Alterations in proline metabolic enzymes with mammalian development.

Through the use of specific radioisotopic assays, the activities of enzymes degrading and synthesizing proline were examined in rat liver and kidney as a function of development. Proline oxidase (PO), the enzyme converting proline to delta 1-pyrroline-5-carboxylate (PC), undergoes 15- and eight-fold increases in liver and kidney, respectively, as rats mature from term-fetal to adult life (6-12 wk).

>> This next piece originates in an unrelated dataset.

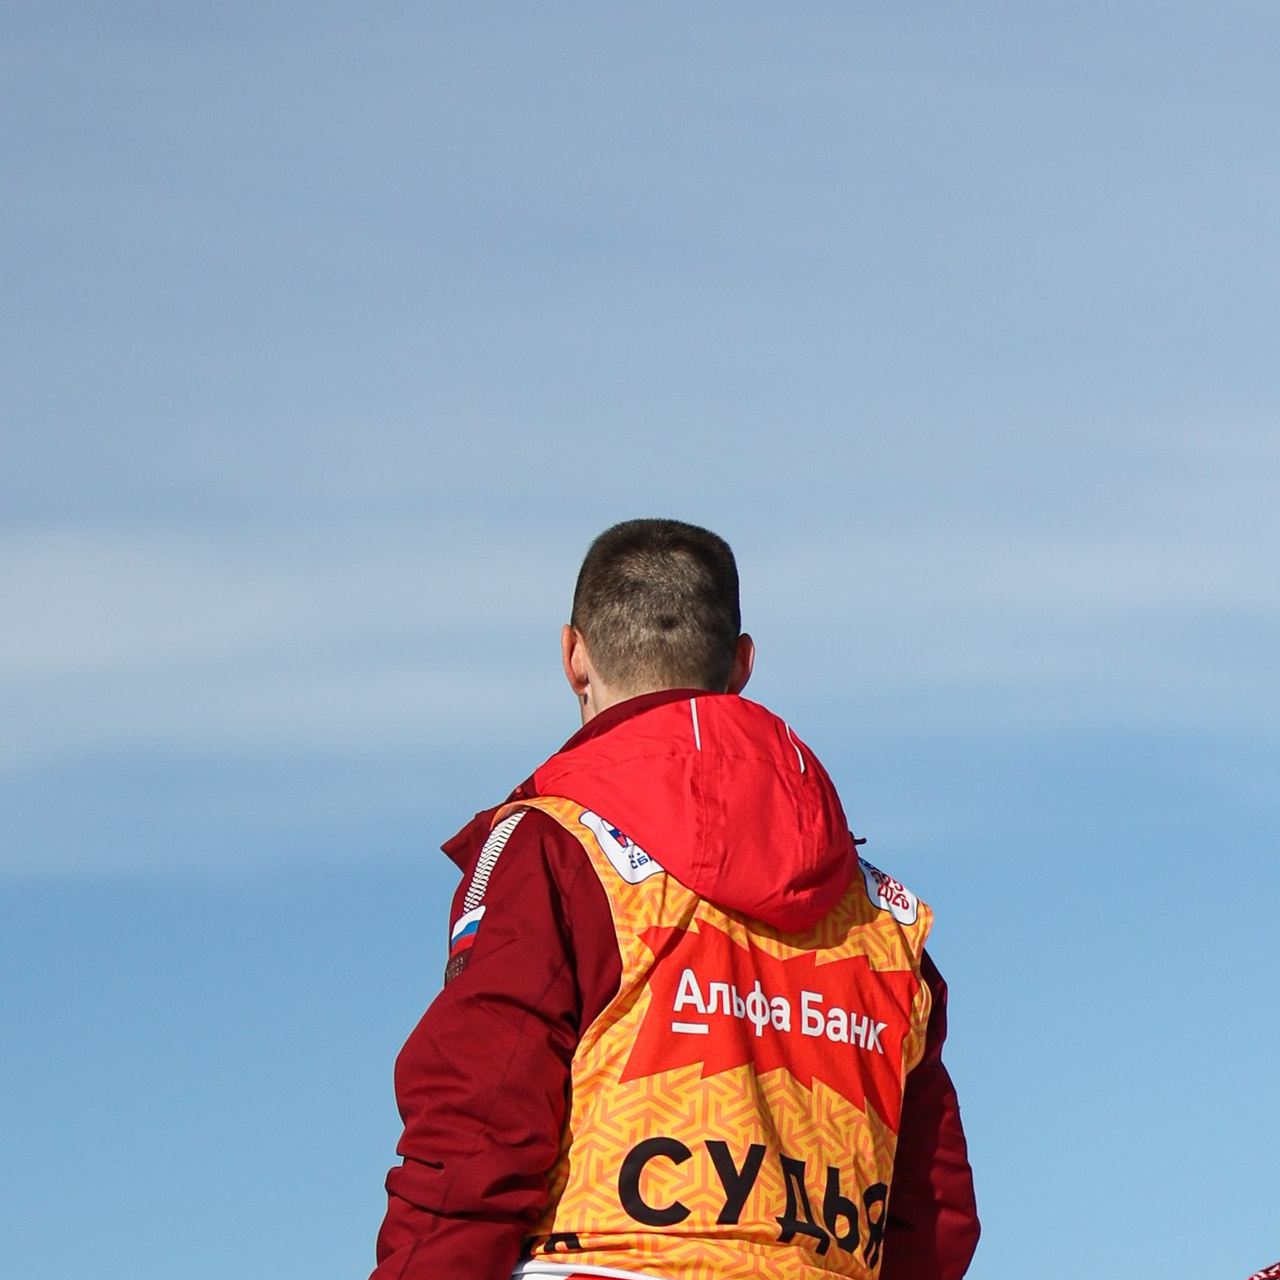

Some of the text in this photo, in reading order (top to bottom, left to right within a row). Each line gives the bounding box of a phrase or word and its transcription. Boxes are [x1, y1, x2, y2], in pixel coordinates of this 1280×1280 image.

[630, 855, 652, 869] СБ
[671, 968, 888, 1055] Альфа Банк
[618, 1137, 888, 1270] СУДЬЯ

The differences are not due to enzyme inhibitors or activators, and kinetic analysis reveals the change to be one of greater tissue content of the same enzyme. delta 1-Pyrroline-5-carboxylate dehydrogenase, which converts PC to glutamate, shows a two- to three-fold increase in both tissues, paralleling the changes in PO with development. delta 1-Pyrroline-5-carboxylate reductase (PCR), the enzyme which catalyzes the committed step in endogenous proline formation, undergoes oppositely directed changes, such that adult levels are only 20%-25% of fetal levels in liver and kidney. PO/PCR ratios are 25- to 50-fold greater in adult central tissues than they are in fetal tissues. Thus, the central tissues of adult rats appear to function as proline utilizers, whereas those of young rats are chiefly proline formers. This difference may relate to different rates of utilization of proline for protein synthesis in young and adult rats.